[Free-text object descriptions]
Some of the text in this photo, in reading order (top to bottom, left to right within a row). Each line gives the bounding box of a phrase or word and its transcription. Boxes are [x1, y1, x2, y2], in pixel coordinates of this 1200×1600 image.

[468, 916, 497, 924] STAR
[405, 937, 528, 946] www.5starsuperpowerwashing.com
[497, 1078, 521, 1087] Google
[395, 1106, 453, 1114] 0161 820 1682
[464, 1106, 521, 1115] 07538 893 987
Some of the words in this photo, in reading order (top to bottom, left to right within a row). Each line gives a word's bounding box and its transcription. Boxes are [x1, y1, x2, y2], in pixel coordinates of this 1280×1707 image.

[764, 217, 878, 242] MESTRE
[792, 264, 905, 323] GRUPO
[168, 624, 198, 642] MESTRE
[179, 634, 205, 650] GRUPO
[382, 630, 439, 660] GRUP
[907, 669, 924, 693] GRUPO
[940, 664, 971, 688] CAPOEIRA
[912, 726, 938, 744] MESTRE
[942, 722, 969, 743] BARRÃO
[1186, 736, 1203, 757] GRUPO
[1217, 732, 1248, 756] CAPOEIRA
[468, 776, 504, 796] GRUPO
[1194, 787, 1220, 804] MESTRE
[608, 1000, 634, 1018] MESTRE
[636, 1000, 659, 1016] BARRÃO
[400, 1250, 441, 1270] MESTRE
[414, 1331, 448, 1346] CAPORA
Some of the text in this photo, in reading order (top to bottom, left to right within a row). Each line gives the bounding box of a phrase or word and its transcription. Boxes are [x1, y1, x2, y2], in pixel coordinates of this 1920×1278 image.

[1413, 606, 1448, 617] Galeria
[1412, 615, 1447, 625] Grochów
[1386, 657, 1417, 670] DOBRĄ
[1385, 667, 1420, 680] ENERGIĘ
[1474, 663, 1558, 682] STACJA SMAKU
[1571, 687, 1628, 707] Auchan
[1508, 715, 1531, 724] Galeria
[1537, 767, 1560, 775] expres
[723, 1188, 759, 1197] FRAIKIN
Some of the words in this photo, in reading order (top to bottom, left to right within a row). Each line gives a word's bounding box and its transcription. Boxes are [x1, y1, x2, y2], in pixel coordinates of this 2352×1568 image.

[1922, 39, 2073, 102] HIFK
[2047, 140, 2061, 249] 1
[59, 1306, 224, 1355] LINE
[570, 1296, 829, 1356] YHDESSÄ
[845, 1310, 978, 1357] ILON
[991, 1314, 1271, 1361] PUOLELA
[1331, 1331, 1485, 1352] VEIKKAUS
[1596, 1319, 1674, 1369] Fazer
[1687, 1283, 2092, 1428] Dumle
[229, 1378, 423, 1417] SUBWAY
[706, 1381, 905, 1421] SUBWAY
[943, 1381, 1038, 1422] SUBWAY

# YOUR GOAL
Your answer should be every entry above, repeated exactly.

# THE ANSWER
Some of the text in this photo, in reading order (top to bottom, left to right within a row). Each line gives the bounding box of a phrase or word and its transcription. Boxes are [x1, y1, x2, y2], in pixel coordinates of this 1200×1600 image.

[468, 916, 497, 924] STAR
[405, 937, 528, 946] www.5starsuperpowerwashing.com
[497, 1078, 521, 1087] Google
[395, 1106, 453, 1114] 0161 820 1682
[464, 1106, 521, 1115] 07538 893 987
Some of the words in this photo, in reading order (top to bottom, left to right within a row). Each line gives a word's bounding box and its transcription. Boxes are [x1, y1, x2, y2], in pixel coordinates of this 1280×1707 image.

[764, 217, 878, 242] MESTRE
[792, 264, 905, 323] GRUPO
[168, 624, 198, 642] MESTRE
[179, 634, 205, 650] GRUPO
[382, 630, 439, 660] GRUP
[907, 669, 924, 693] GRUPO
[940, 664, 971, 688] CAPOEIRA
[912, 726, 938, 744] MESTRE
[942, 722, 969, 743] BARRÃO
[1186, 736, 1203, 757] GRUPO
[1217, 732, 1248, 756] CAPOEIRA
[468, 776, 504, 796] GRUPO
[1194, 787, 1220, 804] MESTRE
[608, 1000, 634, 1018] MESTRE
[636, 1000, 659, 1016] BARRÃO
[400, 1250, 441, 1270] MESTRE
[414, 1331, 448, 1346] CAPORA
Some of the text in this photo, in reading order (top to bottom, left to right within a row). Each line gives the bounding box of a phrase or word and its transcription. Boxes are [x1, y1, x2, y2], in pixel coordinates of this 1920×1278 image.

[1413, 606, 1448, 617] Galeria
[1412, 615, 1447, 625] Grochów
[1386, 657, 1417, 670] DOBRĄ
[1385, 667, 1420, 680] ENERGIĘ
[1474, 663, 1558, 682] STACJA SMAKU
[1571, 687, 1628, 707] Auchan
[1508, 715, 1531, 724] Galeria
[1537, 767, 1560, 775] expres
[723, 1188, 759, 1197] FRAIKIN
Some of the words in this photo, in reading order (top to bottom, left to right within a row). Each line gives a word's bounding box and its transcription. Boxes are [x1, y1, x2, y2], in pixel coordinates of this 2352×1568 image.

[1922, 39, 2073, 102] HIFK
[2047, 140, 2061, 249] 1
[59, 1306, 224, 1355] LINE
[570, 1296, 829, 1356] YHDESSÄ
[845, 1310, 978, 1357] ILON
[991, 1314, 1271, 1361] PUOLELA
[1331, 1331, 1485, 1352] VEIKKAUS
[1596, 1319, 1674, 1369] Fazer
[1687, 1283, 2092, 1428] Dumle
[229, 1378, 423, 1417] SUBWAY
[706, 1381, 905, 1421] SUBWAY
[943, 1381, 1038, 1422] SUBWAY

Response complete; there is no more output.